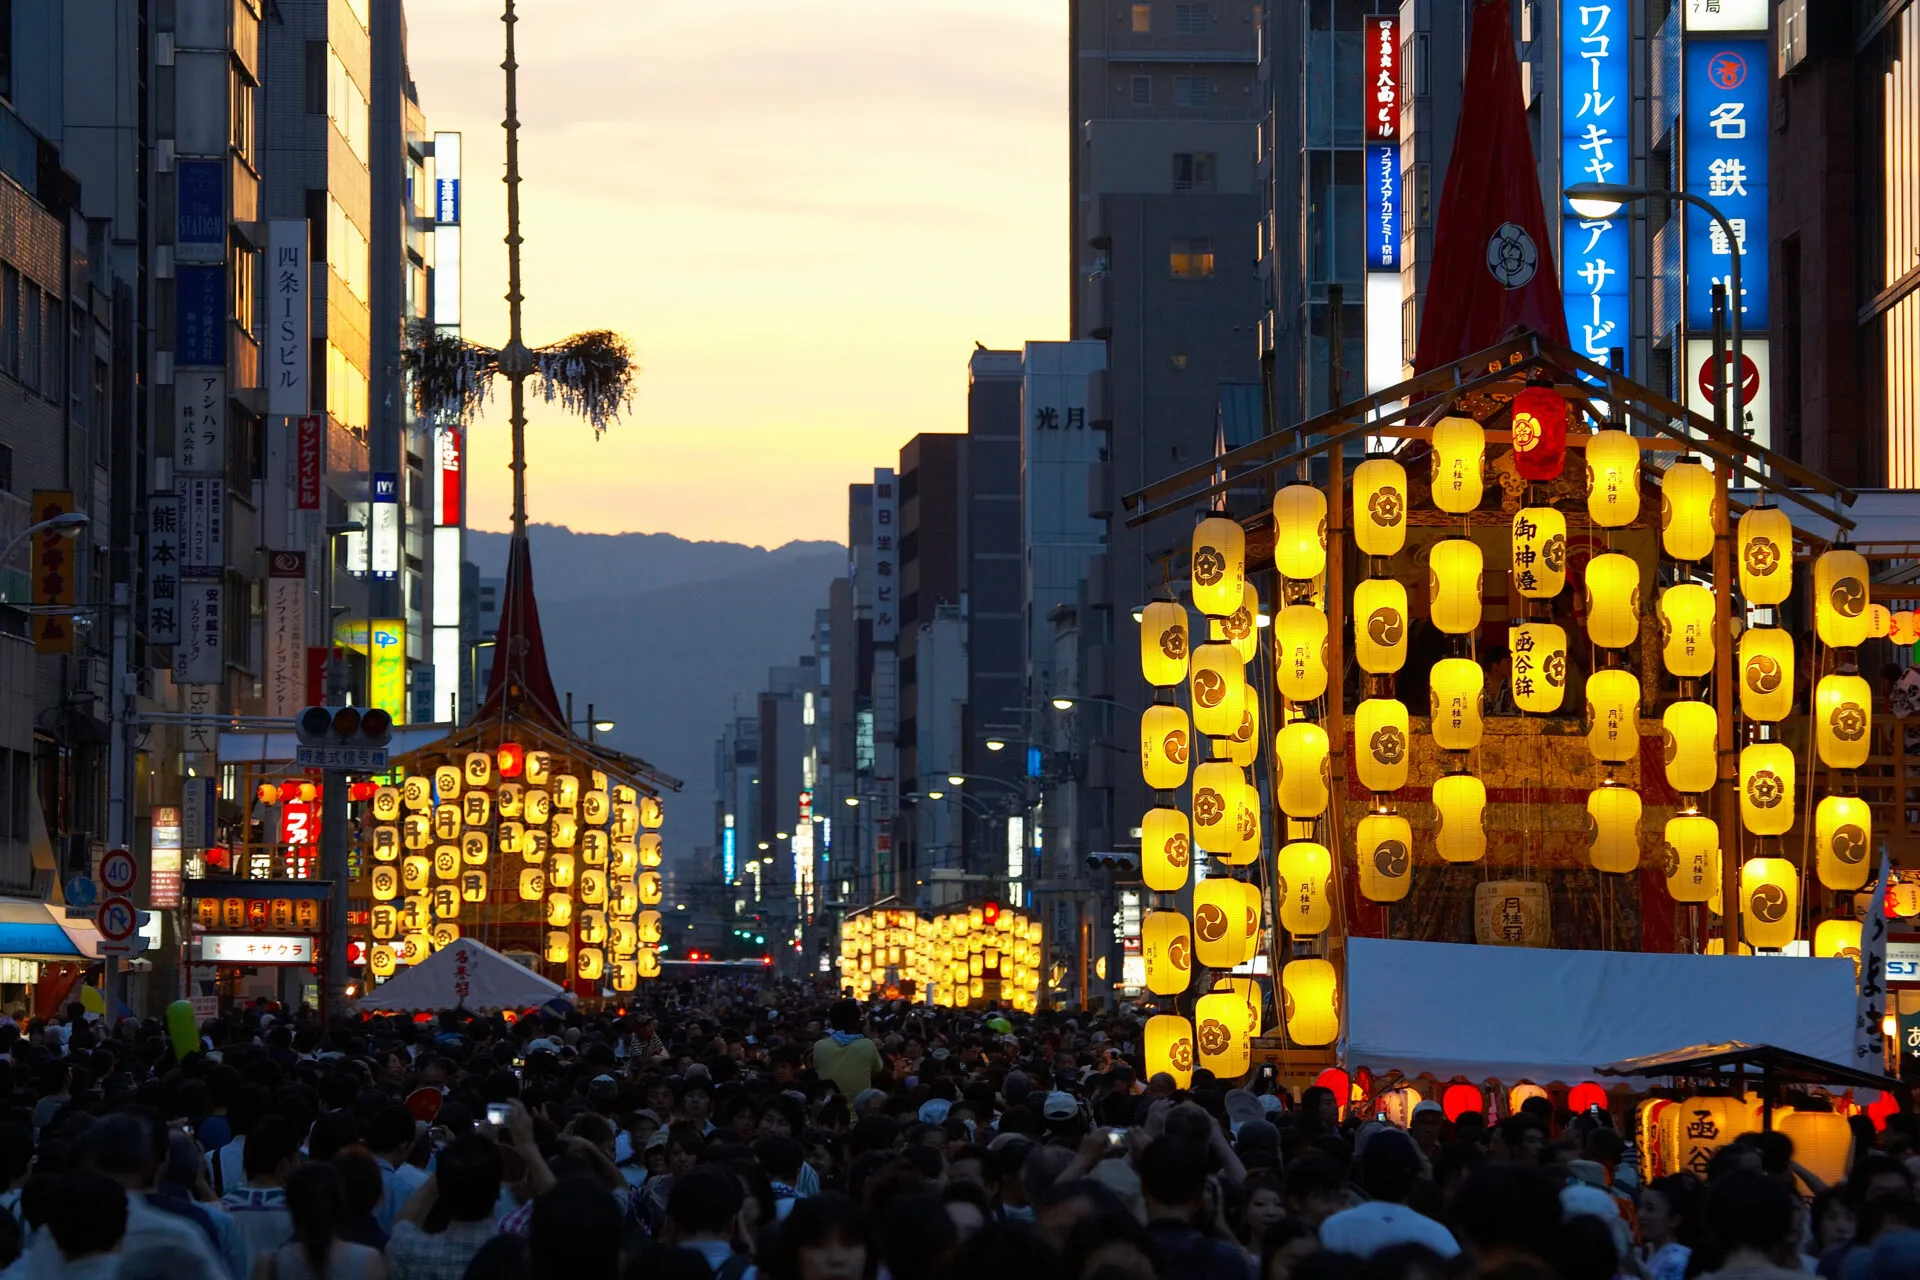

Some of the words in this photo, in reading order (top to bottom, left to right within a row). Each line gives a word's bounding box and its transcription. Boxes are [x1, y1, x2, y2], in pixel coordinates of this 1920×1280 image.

[1575, 4, 1616, 384] ワコールキャアサービ
[203, 377, 217, 445] アシハラ
[1035, 406, 1085, 431] 光月
[183, 406, 195, 466] 株式会社
[302, 420, 317, 504] サンケイビル
[376, 480, 395, 492] IVY
[152, 505, 177, 634] 熊本歯科
[300, 749, 384, 766] 時差式信号機
[437, 809, 456, 837] 月
[466, 797, 485, 824] 月
[375, 830, 395, 857] 月
[108, 862, 129, 881] 40
[464, 874, 482, 900] 月
[435, 889, 453, 916] 月
[374, 909, 393, 936] 月
[1502, 897, 1523, 942] 月桂冠
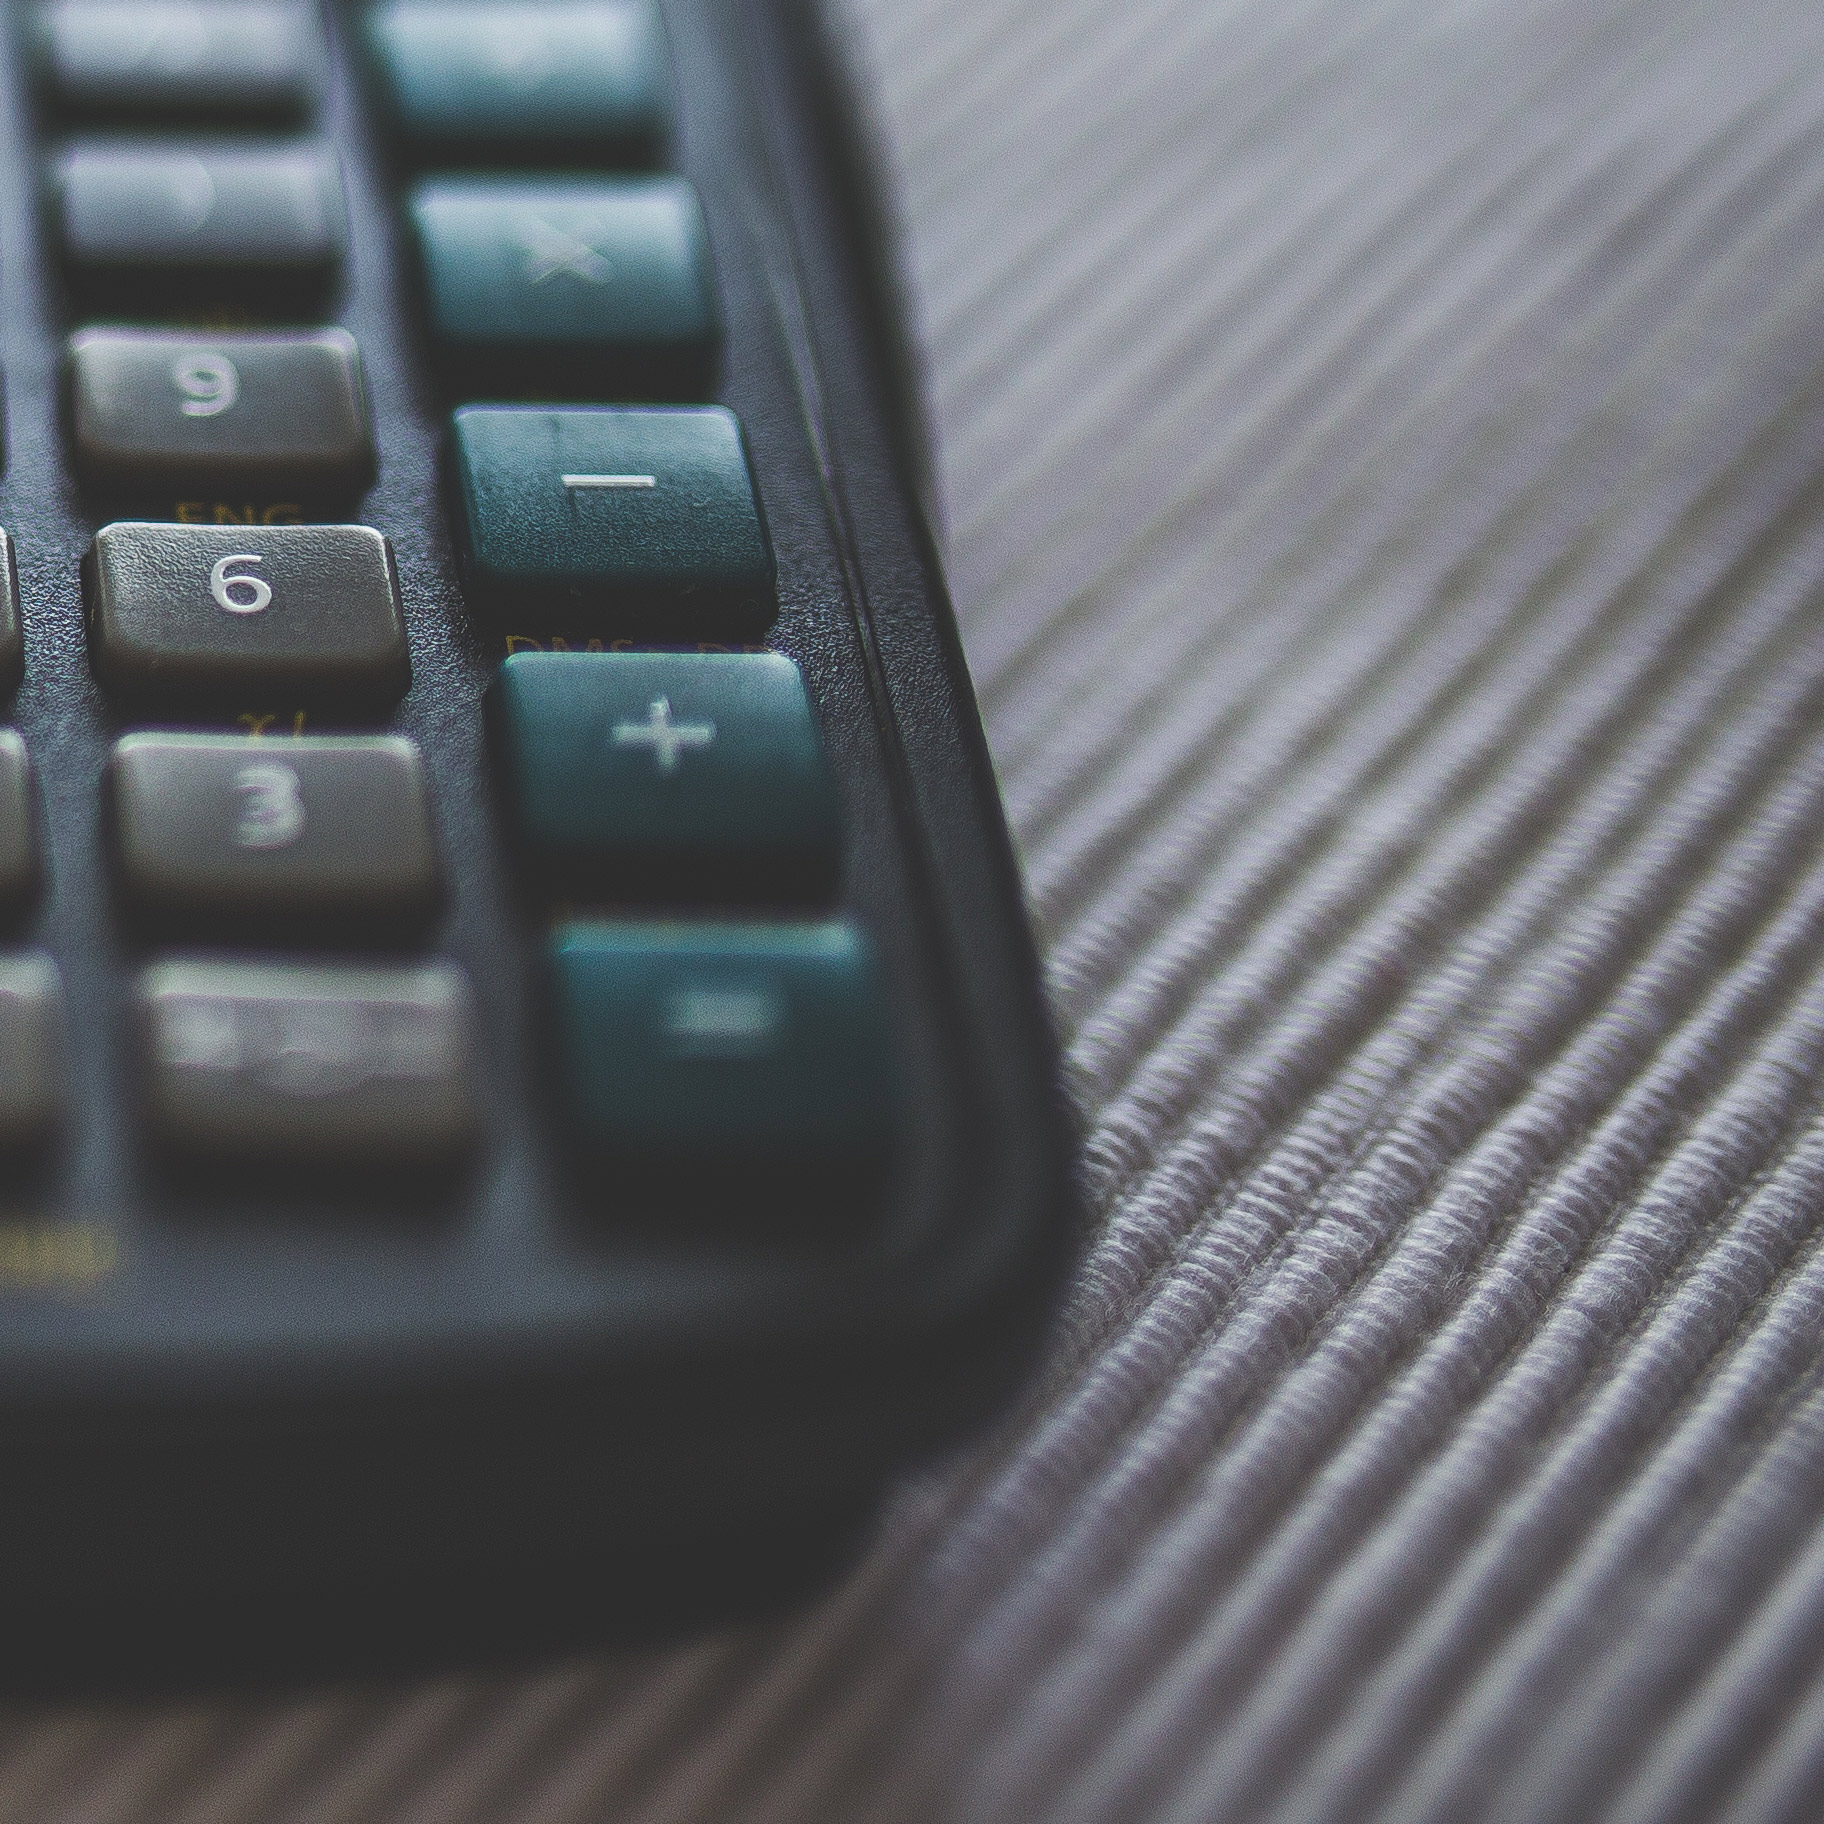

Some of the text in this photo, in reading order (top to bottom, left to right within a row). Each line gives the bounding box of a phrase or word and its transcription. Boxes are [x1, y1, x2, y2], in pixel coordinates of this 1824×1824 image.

[172, 351, 239, 418] 9
[210, 554, 273, 615] 6
[611, 695, 716, 771] +
[234, 762, 308, 850] 3
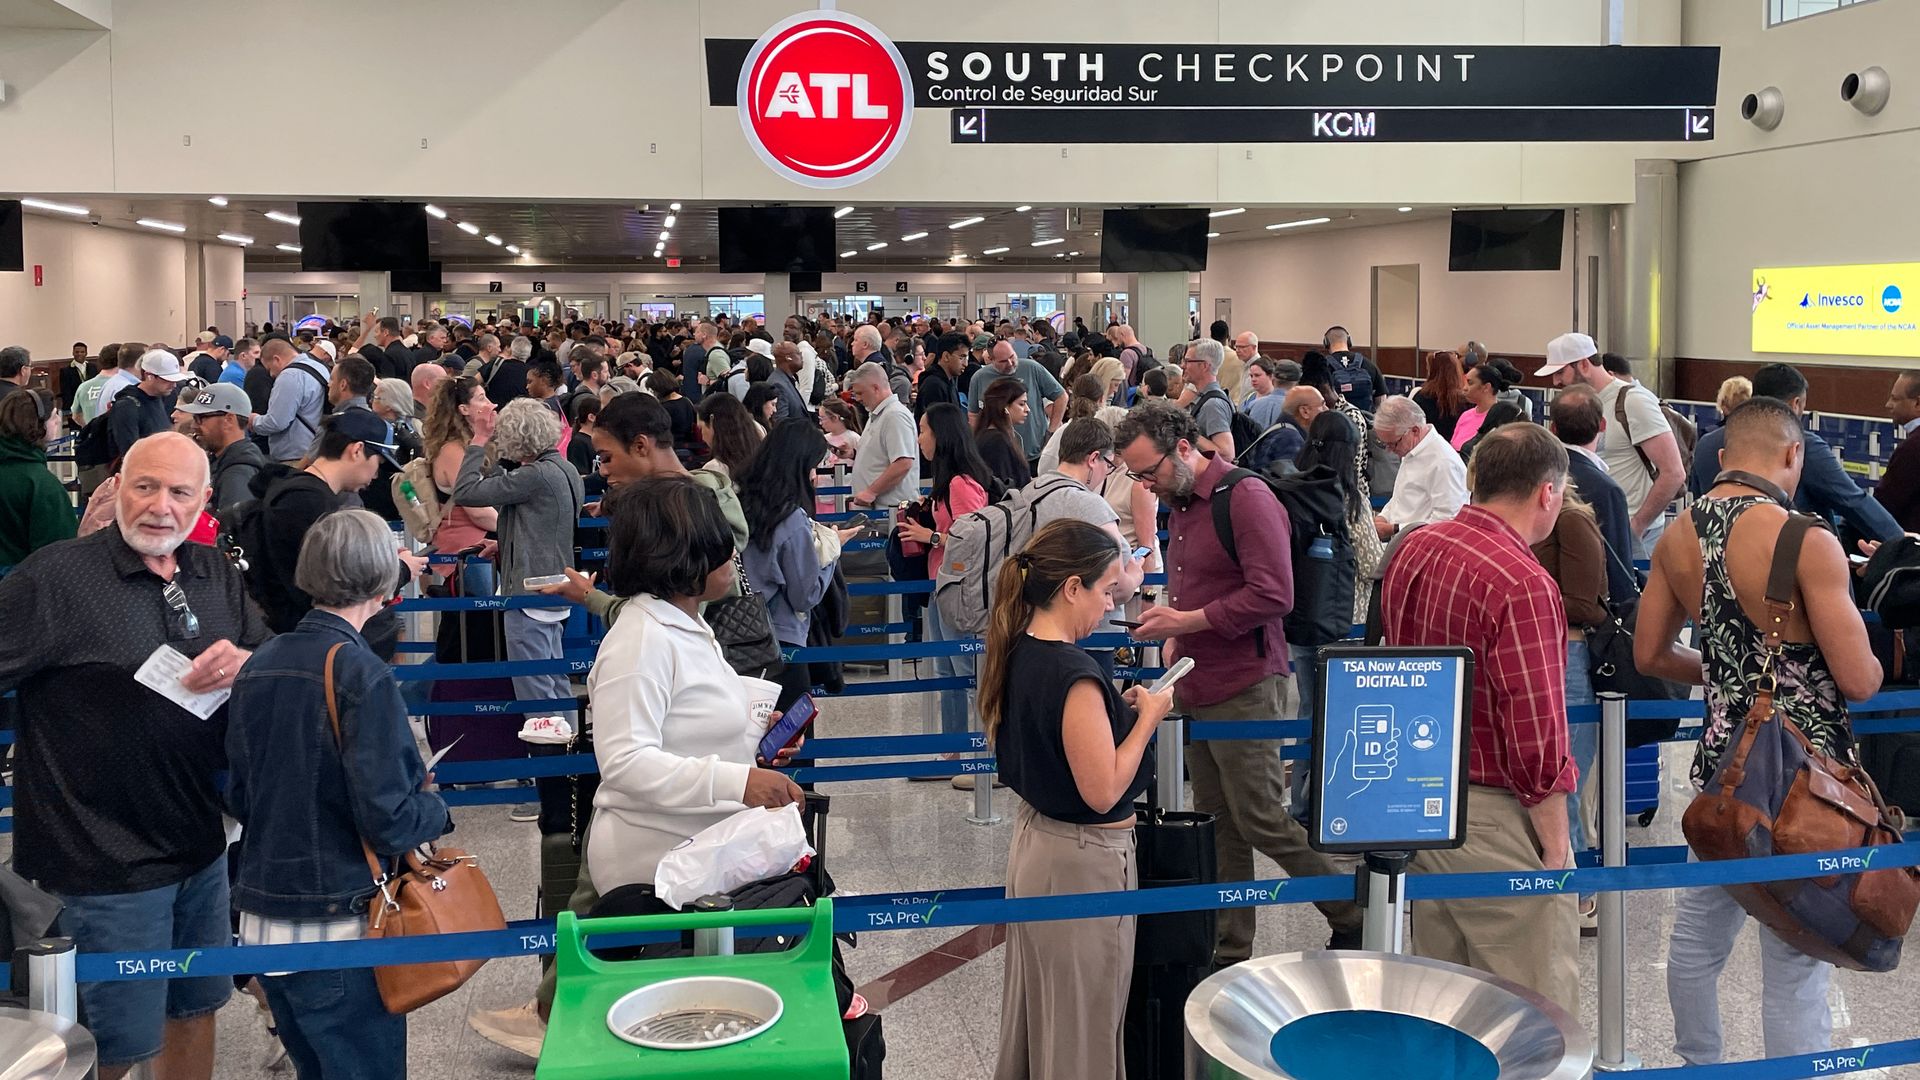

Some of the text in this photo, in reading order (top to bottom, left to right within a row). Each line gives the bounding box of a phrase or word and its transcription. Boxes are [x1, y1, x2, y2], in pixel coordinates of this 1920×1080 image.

[926, 51, 1475, 82] SOUTH CHECKPOINT
[764, 71, 888, 119] ATL
[928, 85, 1158, 104] Control de Seguridad Sur
[1313, 111, 1376, 136] KCM
[493, 283, 499, 292] 7
[535, 283, 543, 292] 6
[859, 283, 865, 292] 5
[898, 283, 905, 292] 4
[1818, 293, 1864, 306] Invesco
[960, 644, 974, 652] TSA
[570, 662, 587, 670] TSA
[1343, 660, 1442, 673] TSA Now Accepts
[1356, 674, 1428, 688] DIGITAL ID.
[474, 704, 488, 712] TSA
[752, 702, 763, 710] JIM
[971, 737, 988, 747] TSA
[1364, 741, 1382, 756] ID
[961, 762, 991, 771] TSA Pre
[1818, 856, 1860, 871] TSA Pre
[1509, 878, 1554, 891] TSA Pre
[1218, 888, 1268, 902] TSA Pre
[867, 911, 920, 926] TSA Pre
[520, 935, 548, 949] TSA
[116, 959, 176, 974] TSA Pre
[1812, 1056, 1856, 1072] TSA Pre

### Action item
Leave out the pictures, then copy all the remaining text in the records exactly.

### Problem solution
Some of the words in this photo, in reading order (top to bottom, left to right within a row). Each line gives a word's bounding box and its transcription. Boxes are [x1, y1, x2, y2], in pixel coordinates of this 1920×1280 image.

[1575, 4, 1616, 384] ワコールキャアサービ
[203, 377, 217, 445] アシハラ
[1035, 406, 1085, 431] 光月
[183, 406, 195, 466] 株式会社
[302, 420, 317, 504] サンケイビル
[376, 480, 395, 492] IVY
[152, 505, 177, 634] 熊本歯科
[300, 749, 384, 766] 時差式信号機
[437, 809, 456, 837] 月
[466, 797, 485, 824] 月
[375, 830, 395, 857] 月
[108, 862, 129, 881] 40
[464, 874, 482, 900] 月
[435, 889, 453, 916] 月
[374, 909, 393, 936] 月
[1502, 897, 1523, 942] 月桂冠

Some of the text in this photo, in reading order (top to bottom, left to right within a row). Each line gives the bounding box of a phrase or word and its transcription. Boxes are [x1, y1, x2, y2], in pixel coordinates of this 1824×1824 image.

[172, 351, 239, 418] 9
[210, 554, 273, 615] 6
[611, 695, 716, 771] +
[234, 762, 308, 850] 3

Some of the text in this photo, in reading order (top to bottom, left to right within a row). Each line gives the bounding box of a phrase or word and its transcription. Boxes are [x1, y1, x2, y2], in pixel coordinates of this 1920×1080 image.

[926, 51, 1475, 82] SOUTH CHECKPOINT
[764, 71, 888, 119] ATL
[928, 85, 1158, 104] Control de Seguridad Sur
[1313, 111, 1376, 136] KCM
[493, 283, 499, 292] 7
[535, 283, 543, 292] 6
[859, 283, 865, 292] 5
[898, 283, 905, 292] 4
[1818, 293, 1864, 306] Invesco
[960, 644, 974, 652] TSA
[570, 662, 587, 670] TSA
[1343, 660, 1442, 673] TSA Now Accepts
[1356, 674, 1428, 688] DIGITAL ID.
[474, 704, 488, 712] TSA
[752, 702, 763, 710] JIM
[971, 737, 988, 747] TSA
[1364, 741, 1382, 756] ID
[961, 762, 991, 771] TSA Pre
[1818, 856, 1860, 871] TSA Pre
[1509, 878, 1554, 891] TSA Pre
[1218, 888, 1268, 902] TSA Pre
[867, 911, 920, 926] TSA Pre
[520, 935, 548, 949] TSA
[116, 959, 176, 974] TSA Pre
[1812, 1056, 1856, 1072] TSA Pre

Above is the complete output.